## [RECORDS SHOWN]
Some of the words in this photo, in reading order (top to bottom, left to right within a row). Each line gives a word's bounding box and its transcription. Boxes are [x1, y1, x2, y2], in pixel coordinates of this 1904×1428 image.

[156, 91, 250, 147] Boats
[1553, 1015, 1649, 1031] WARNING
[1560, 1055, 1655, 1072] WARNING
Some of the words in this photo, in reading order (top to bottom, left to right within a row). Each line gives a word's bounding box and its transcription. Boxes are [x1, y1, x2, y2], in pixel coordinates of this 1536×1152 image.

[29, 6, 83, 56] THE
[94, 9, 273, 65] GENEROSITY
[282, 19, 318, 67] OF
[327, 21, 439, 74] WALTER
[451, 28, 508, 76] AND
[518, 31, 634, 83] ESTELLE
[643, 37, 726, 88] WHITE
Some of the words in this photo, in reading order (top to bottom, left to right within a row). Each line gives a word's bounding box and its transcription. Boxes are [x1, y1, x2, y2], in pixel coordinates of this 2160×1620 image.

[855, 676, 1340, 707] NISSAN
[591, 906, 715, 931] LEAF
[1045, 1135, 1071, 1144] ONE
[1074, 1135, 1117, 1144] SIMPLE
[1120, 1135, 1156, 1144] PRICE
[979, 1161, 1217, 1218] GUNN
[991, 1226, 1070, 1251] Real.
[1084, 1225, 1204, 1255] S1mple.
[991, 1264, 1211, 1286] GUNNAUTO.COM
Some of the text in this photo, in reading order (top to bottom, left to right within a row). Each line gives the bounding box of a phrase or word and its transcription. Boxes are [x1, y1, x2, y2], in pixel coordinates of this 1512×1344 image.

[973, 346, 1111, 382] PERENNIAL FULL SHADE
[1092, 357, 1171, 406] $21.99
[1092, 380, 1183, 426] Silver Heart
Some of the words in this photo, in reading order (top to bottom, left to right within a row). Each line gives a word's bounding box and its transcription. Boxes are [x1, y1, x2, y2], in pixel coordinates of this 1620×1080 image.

## [TASK PROMPT]
All the entries above must be repeated exactly as they were given.

## [EXERCISE RESULT]
Some of the words in this photo, in reading order (top to bottom, left to right within a row). Each line gives a word's bounding box and its transcription. Boxes are [x1, y1, x2, y2], in pixel coordinates of this 1904×1428 image.

[156, 91, 250, 147] Boats
[1553, 1015, 1649, 1031] WARNING
[1560, 1055, 1655, 1072] WARNING
Some of the words in this photo, in reading order (top to bottom, left to right within a row). Each line gives a word's bounding box and its transcription. Boxes are [x1, y1, x2, y2], in pixel coordinates of this 1536×1152 image.

[29, 6, 83, 56] THE
[94, 9, 273, 65] GENEROSITY
[282, 19, 318, 67] OF
[327, 21, 439, 74] WALTER
[451, 28, 508, 76] AND
[518, 31, 634, 83] ESTELLE
[643, 37, 726, 88] WHITE
Some of the words in this photo, in reading order (top to bottom, left to right within a row). Each line gives a word's bounding box and its transcription. Boxes are [x1, y1, x2, y2], in pixel coordinates of this 2160×1620 image.

[855, 676, 1340, 707] NISSAN
[591, 906, 715, 931] LEAF
[1045, 1135, 1071, 1144] ONE
[1074, 1135, 1117, 1144] SIMPLE
[1120, 1135, 1156, 1144] PRICE
[979, 1161, 1217, 1218] GUNN
[991, 1226, 1070, 1251] Real.
[1084, 1225, 1204, 1255] S1mple.
[991, 1264, 1211, 1286] GUNNAUTO.COM
Some of the text in this photo, in reading order (top to bottom, left to right within a row). Each line gives the bounding box of a phrase or word and its transcription. Boxes are [x1, y1, x2, y2], in pixel coordinates of this 1512×1344 image.

[973, 346, 1111, 382] PERENNIAL FULL SHADE
[1092, 357, 1171, 406] $21.99
[1092, 380, 1183, 426] Silver Heart
Some of the words in this photo, in reading order (top to bottom, left to right within a row). Each line gives a word's bounding box and its transcription. Boxes are [x1, y1, x2, y2], in pixel coordinates of this 1620×1080 image.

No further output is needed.